Provided material: Begin

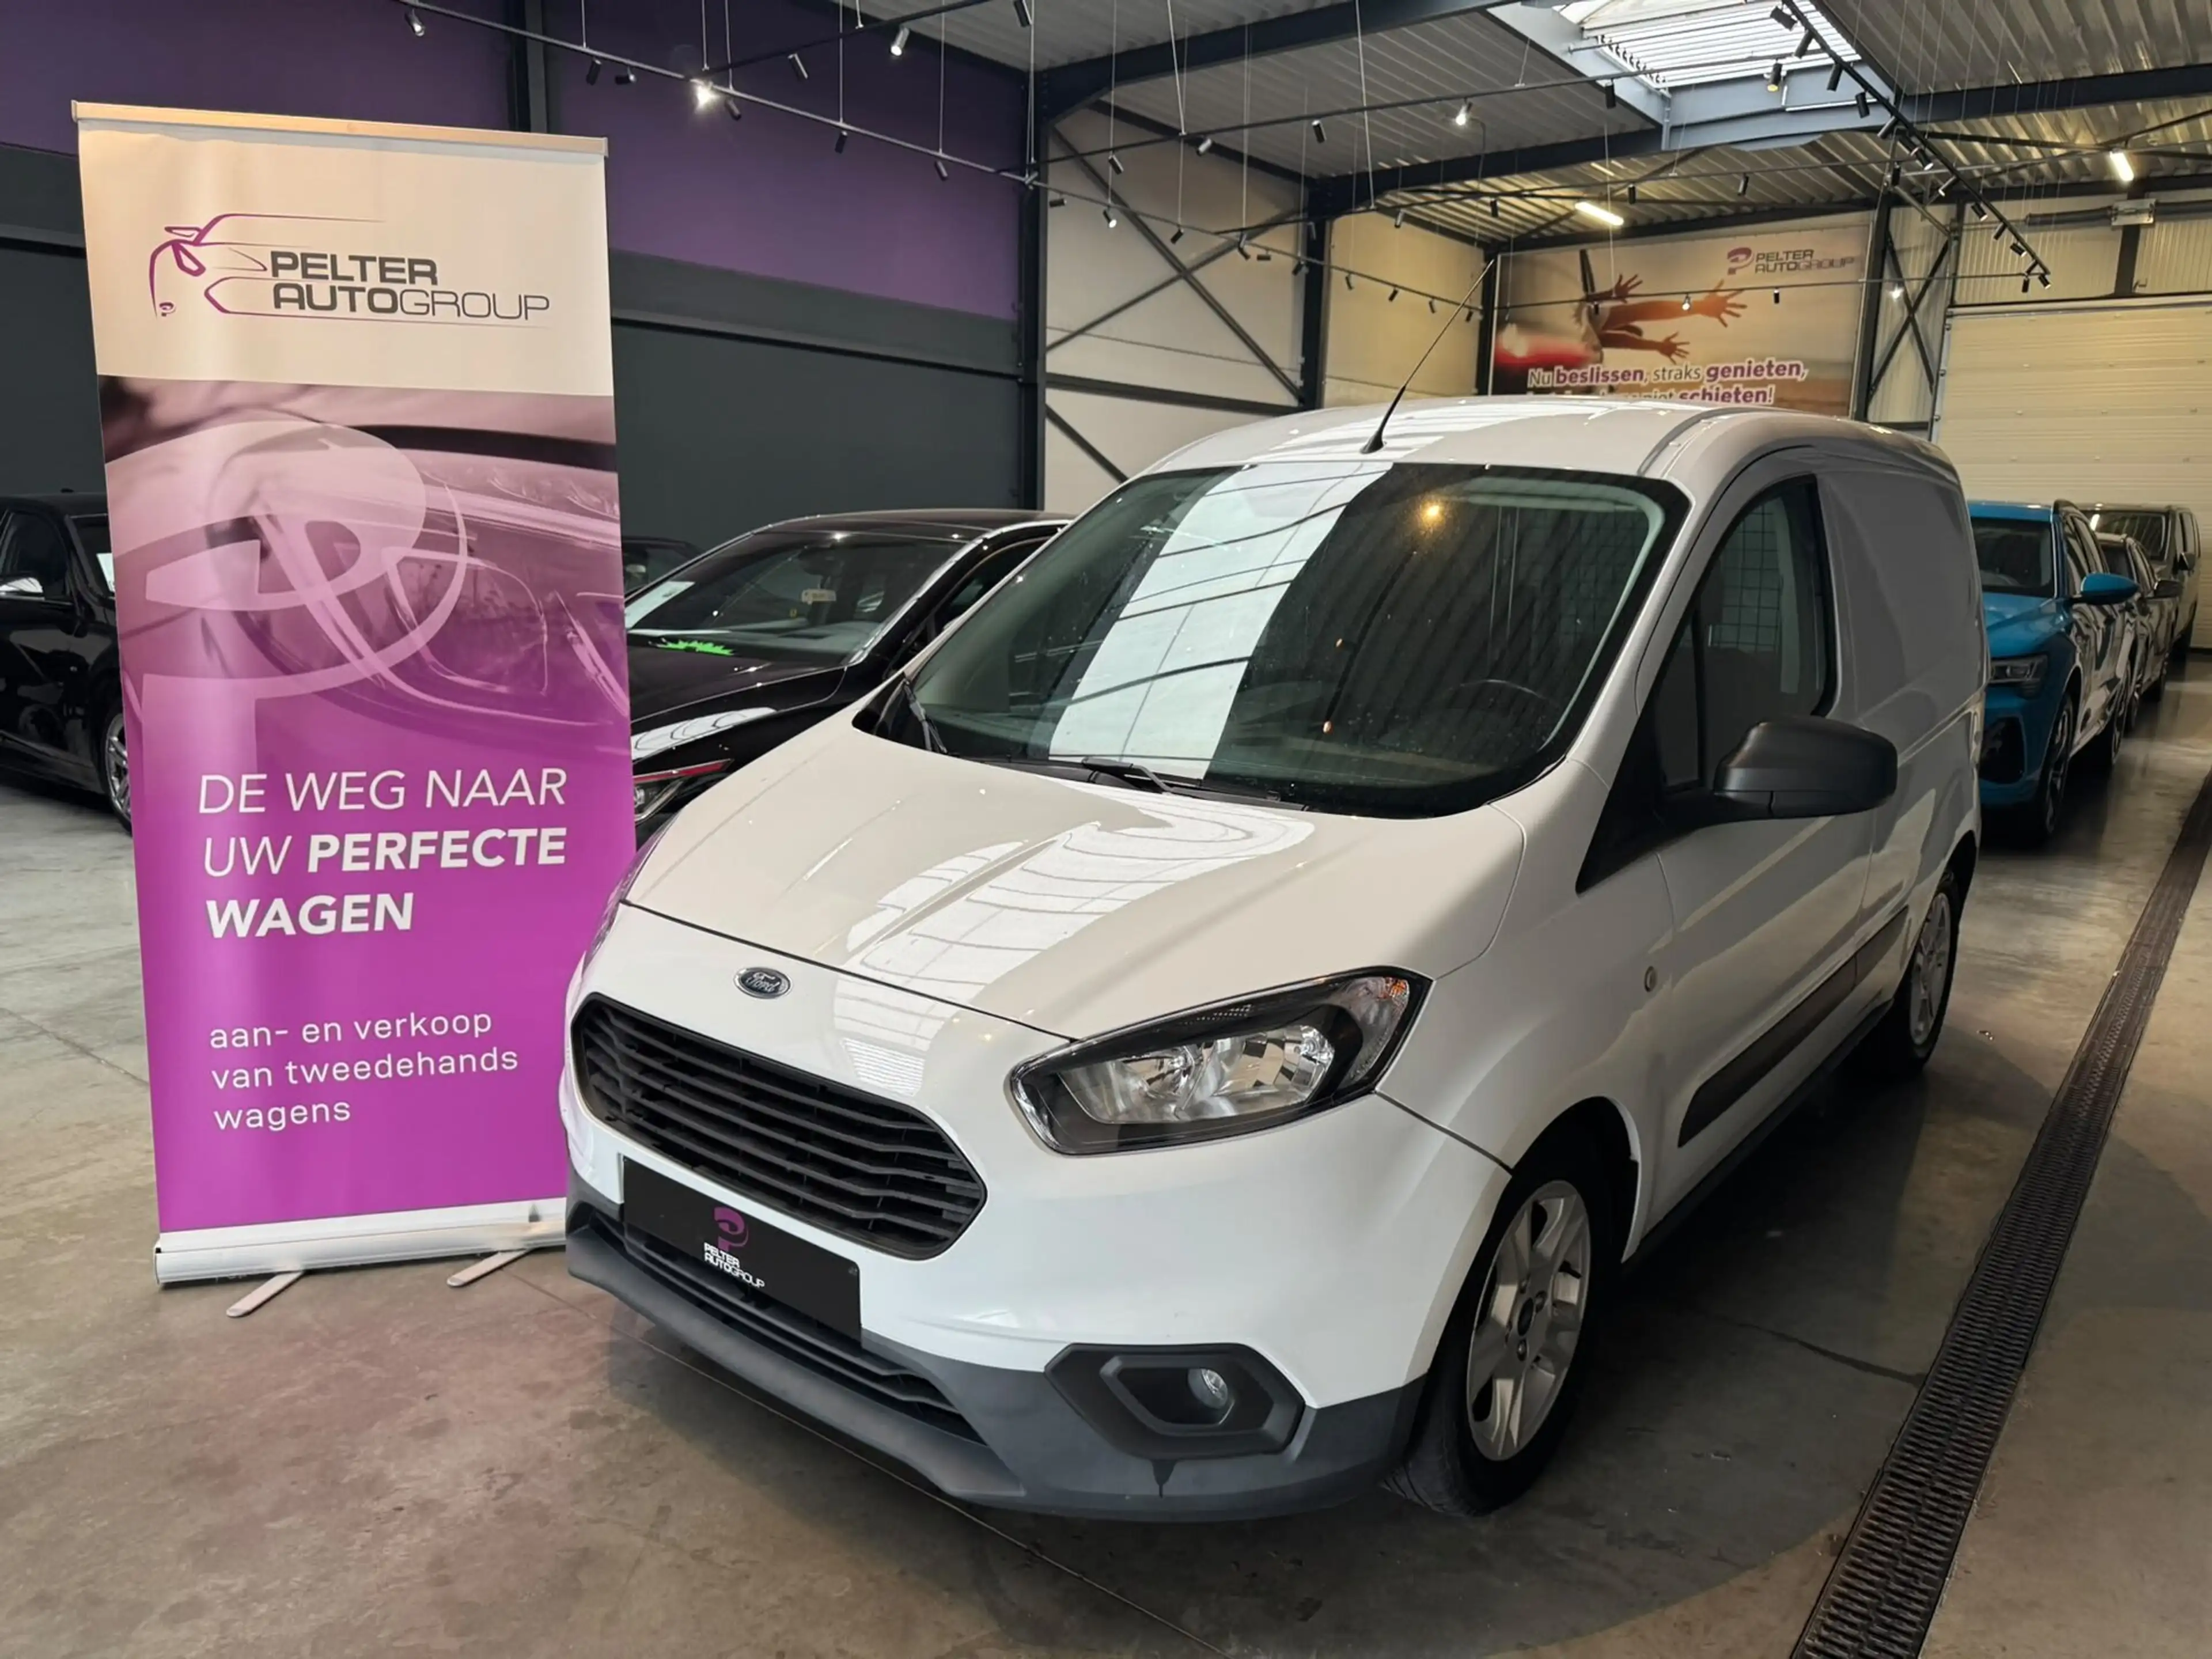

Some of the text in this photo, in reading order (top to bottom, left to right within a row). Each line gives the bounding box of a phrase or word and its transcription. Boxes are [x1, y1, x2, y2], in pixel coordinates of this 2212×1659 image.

[270, 251, 438, 285] PELTER
[1756, 249, 1815, 262] PELTER
[273, 282, 550, 321] AUTOGROUP
[1528, 369, 1552, 387] Nu
[1652, 366, 1702, 381] straks
[198, 767, 567, 814] DE WEG NAAR
[204, 827, 567, 877] UW PERFECTE
[206, 892, 414, 938] WAGEN
[210, 1012, 492, 1048] aan- en verkoop
[211, 1047, 518, 1089] van tweedehands
[213, 1101, 351, 1131] wagens
[703, 1241, 740, 1268] PELTER
[704, 1252, 766, 1289] AUTOGROUP

Provided material: End

■ Try it: Could you repeat all of the material exactly? Pictures should not be copied.

■ Result for this exercise:
Some of the text in this photo, in reading order (top to bottom, left to right within a row). Each line gives the bounding box of a phrase or word and its transcription. Boxes are [x1, y1, x2, y2], in pixel coordinates of this 2212×1659 image.

[270, 251, 438, 285] PELTER
[1756, 249, 1815, 262] PELTER
[273, 282, 550, 321] AUTOGROUP
[1528, 369, 1552, 387] Nu
[1652, 366, 1702, 381] straks
[198, 767, 567, 814] DE WEG NAAR
[204, 827, 567, 877] UW PERFECTE
[206, 892, 414, 938] WAGEN
[210, 1012, 492, 1048] aan- en verkoop
[211, 1047, 518, 1089] van tweedehands
[213, 1101, 351, 1131] wagens
[703, 1241, 740, 1268] PELTER
[704, 1252, 766, 1289] AUTOGROUP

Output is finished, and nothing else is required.